HELP!! Is this enough for Complex repair 13120 or do need to ask for an addendum? 

The left knee was then opened with #10 blade.  A Subvastus approach performed.  There was extensive adhesions and scar tissue within the medial and lateral gutters and the suprapatellar pouch.  We excised this with cautery.  Once we did this we had improved flexion to 115 degrees.  We then cleaned out around the PCL and improved flexion to 125 degrees.  I then assessed extension, which was full.  I released the tourniquet, got good hemostasis and injected the local cocktail around the knee.  I then wash with pulsatile lavage containing Rifampin.  A Hemovac drain was placed.  The wound was then closed with #2 Quill, 2-0 Vicryl and staples.


----------



## sxcoder1 (Sep 21, 2017)

I've been perplexed with this scenario myself, but I think they're calling it a scar revision when they're actually removing scar tissue inside the knee joint so I'm not sure 13120 is correct.  I have used an open arthrotomy code in the past.  I'd like to hear other opinions though!


----------



## LIVE2CODE (Sep 21, 2017)

sxcoder1 said:


> I've been perplexed with this scenario myself, but I think they're calling it a scar revision when they're actually removing scar tissue inside the knee joint so I'm not sure 13120 is correct.  I have used an open arthrotomy code in the past.  I'd like to hear other opinions though!




It would be great to hear other suggestions as well.

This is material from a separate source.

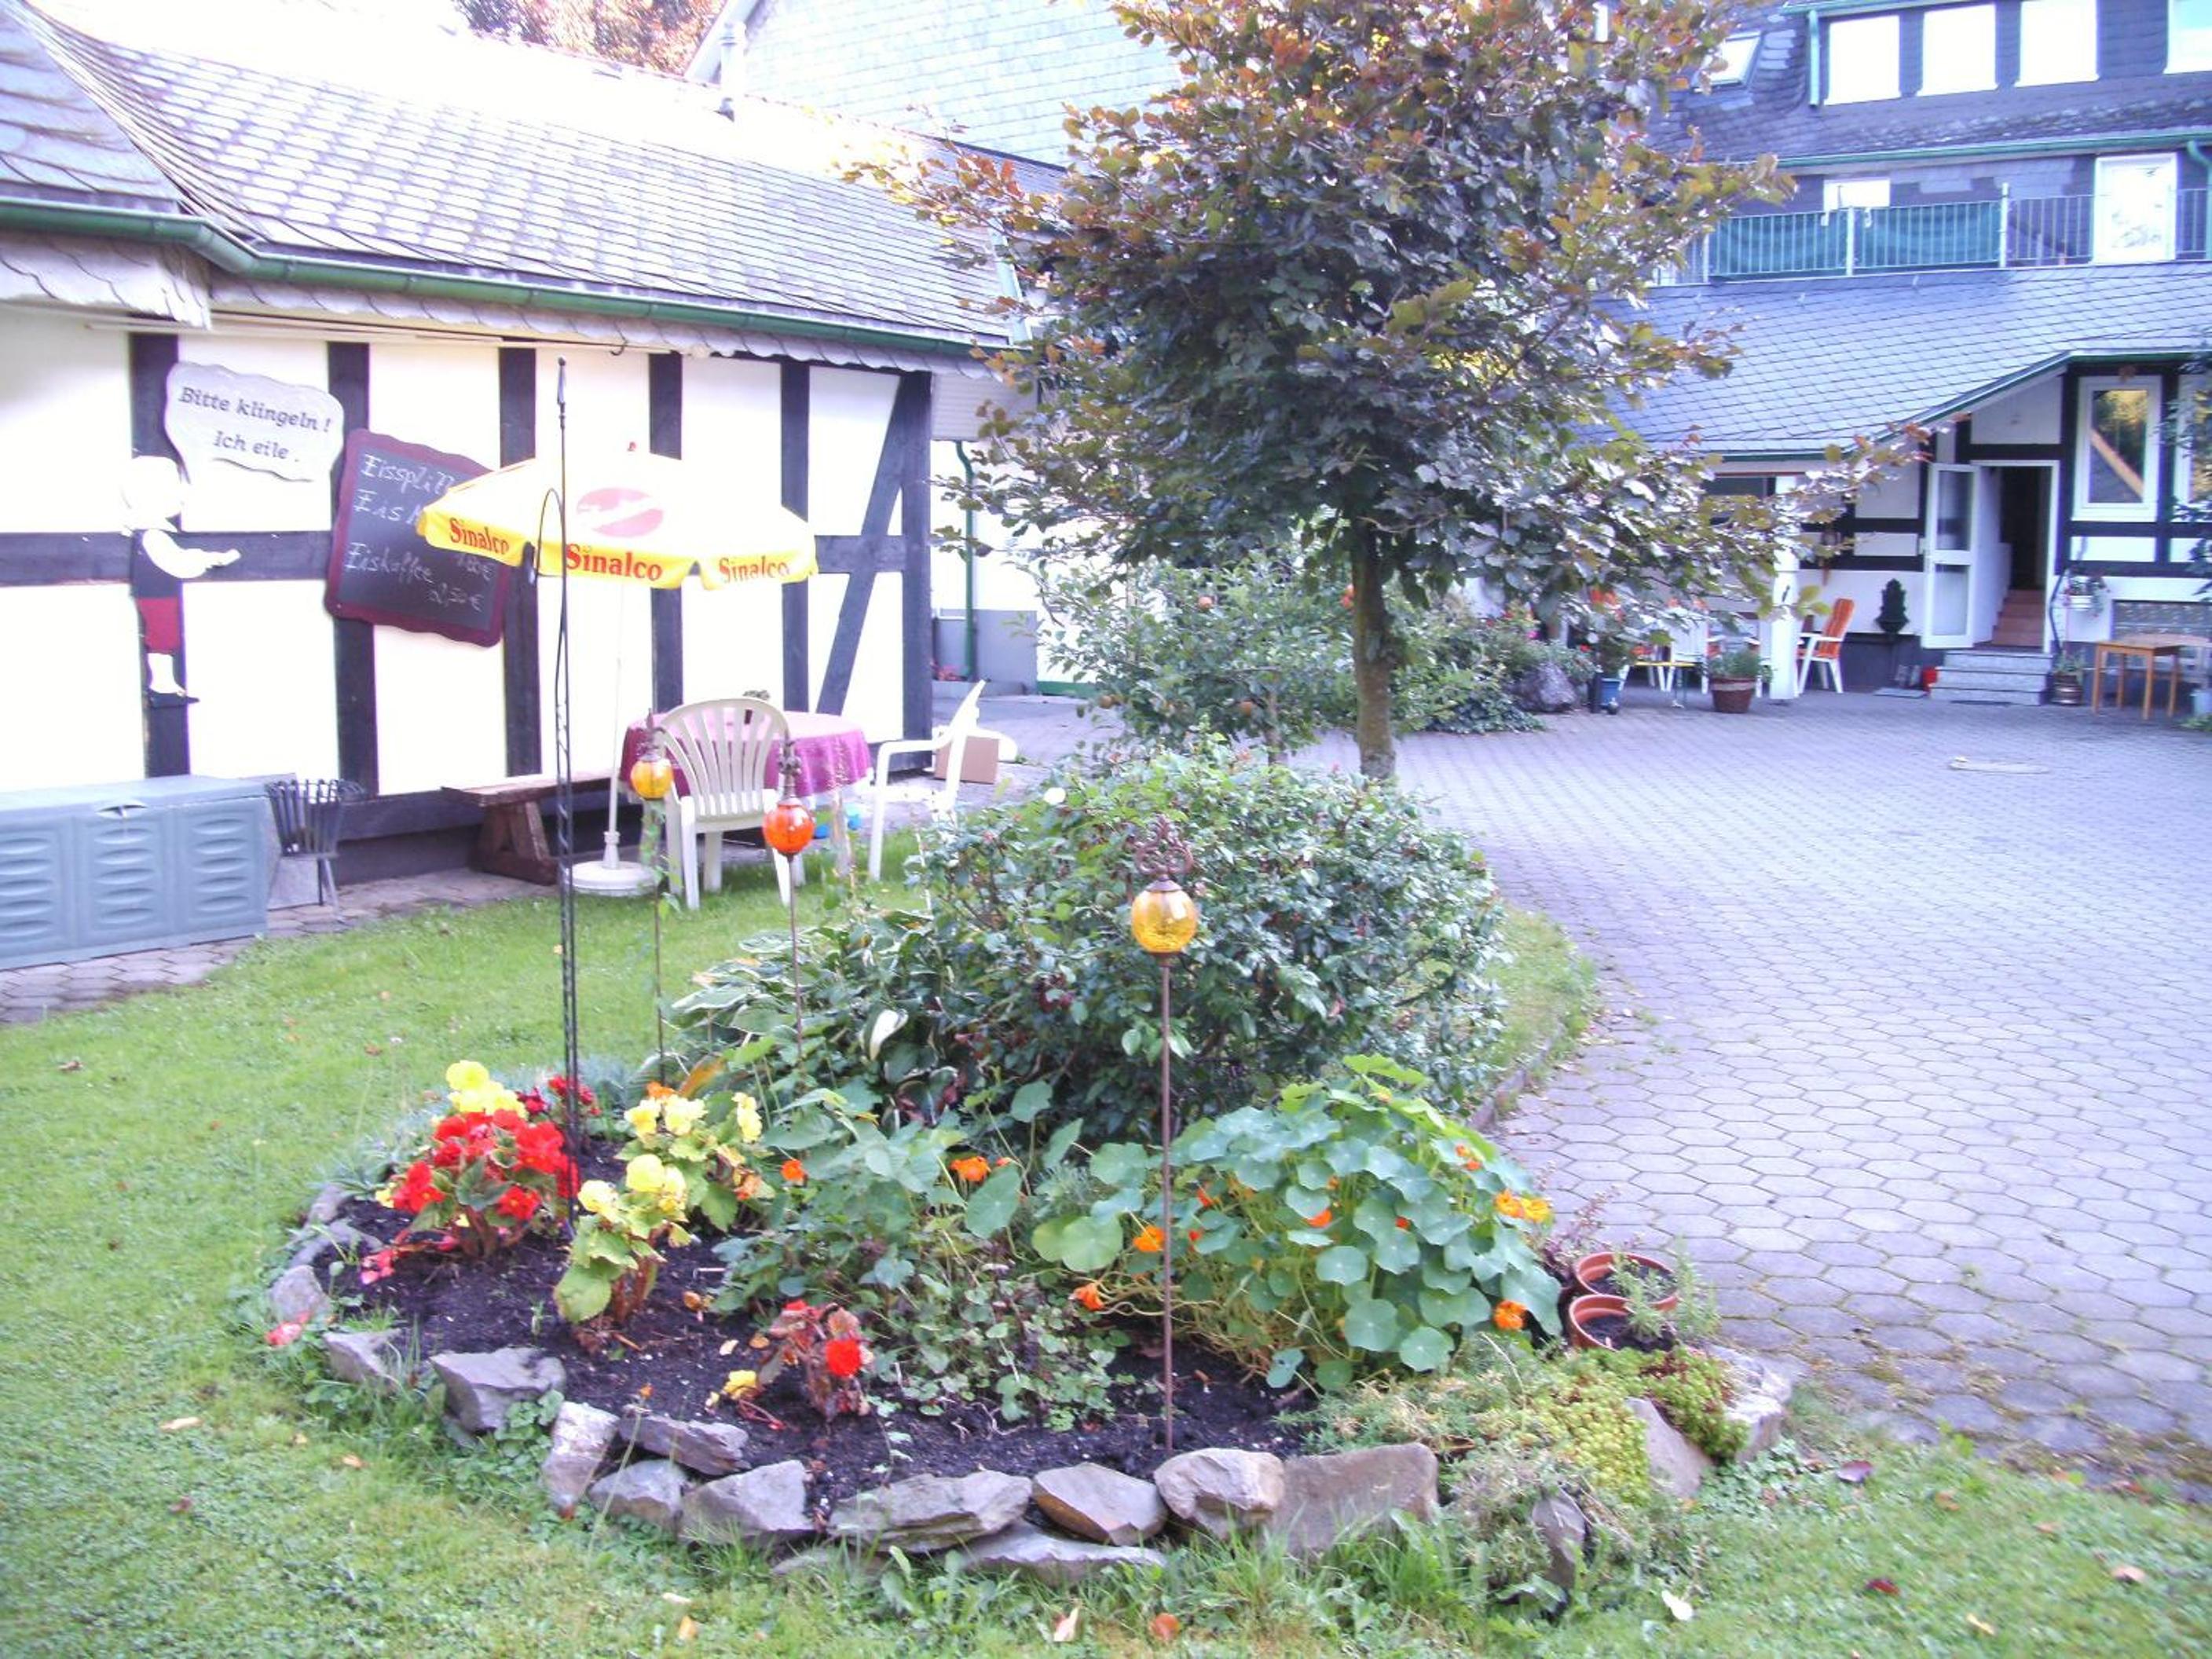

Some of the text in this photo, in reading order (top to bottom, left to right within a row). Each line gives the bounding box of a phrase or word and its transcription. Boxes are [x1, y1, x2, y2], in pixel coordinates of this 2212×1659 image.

I thought about the arthrotomy code, but its not documented that he enter the joint capsule, just like the diameters of the wound is not mentioned. Per CPT guidelines; Complex repair includes the repair of wounds requiring more than layered closure, viz., scar revision, debridement (eg, traumatic lacerations or avulsions), extensive undermining, stents or retention sutures. Necessary preparation includes creation of a limited defect for repairs or the debridement of complicated lacerations or avulsions. :confused


----------



## thomas7331 (Sep 21, 2017)

A scar revision reported with a complex closure code is an integumentary procedure and would be more appropriate for a skin or superficial subcutaneous scar - it's not really accurate coding for what's documented here.  I agree that an arthrotomy appears to be most correct for this - provider does appear to be working in the joint based on the approach and the structures involved, but you may wish to run it by the physician for clarification and/or addendum if you feel the code would be better supported with language to document actually entering the capsule.  Otherwise an unlisted code might be necessary.  The reimbursement for an arthrotomy is about 3 times that of a complex closure which would significantly underpay the work here.


----------



## AlanPechacek (Sep 21, 2017)

Based on the information provided, this was an Arthrotomy of the Knee for Intra-Articular Scarring and/or Adhesions causing limitation of motion (Ankylosis) of the joint, particularly in flexion.  The scarring/adhesions were/are the result of some prior "event" in the knee, i.e. trauma or previous surgery.  In my experience, the most common preceding "event" is a TKR (with or without any other contributing complication) in which satisfactory postoperative range of motion is not achieved, particularly in flexion.  Therefore, and if it has been too long after the surgery for a joint manipulation under anesthesia to be done safely or with a reasonable chance of success, an Arthrotomy is performed for the release and removal of the offending scar tissue/adhesions so as to regain as much flexion as possible.  In this case, an Anterior Synovectomy (only) was performed.  The most accurate code for this is 27334.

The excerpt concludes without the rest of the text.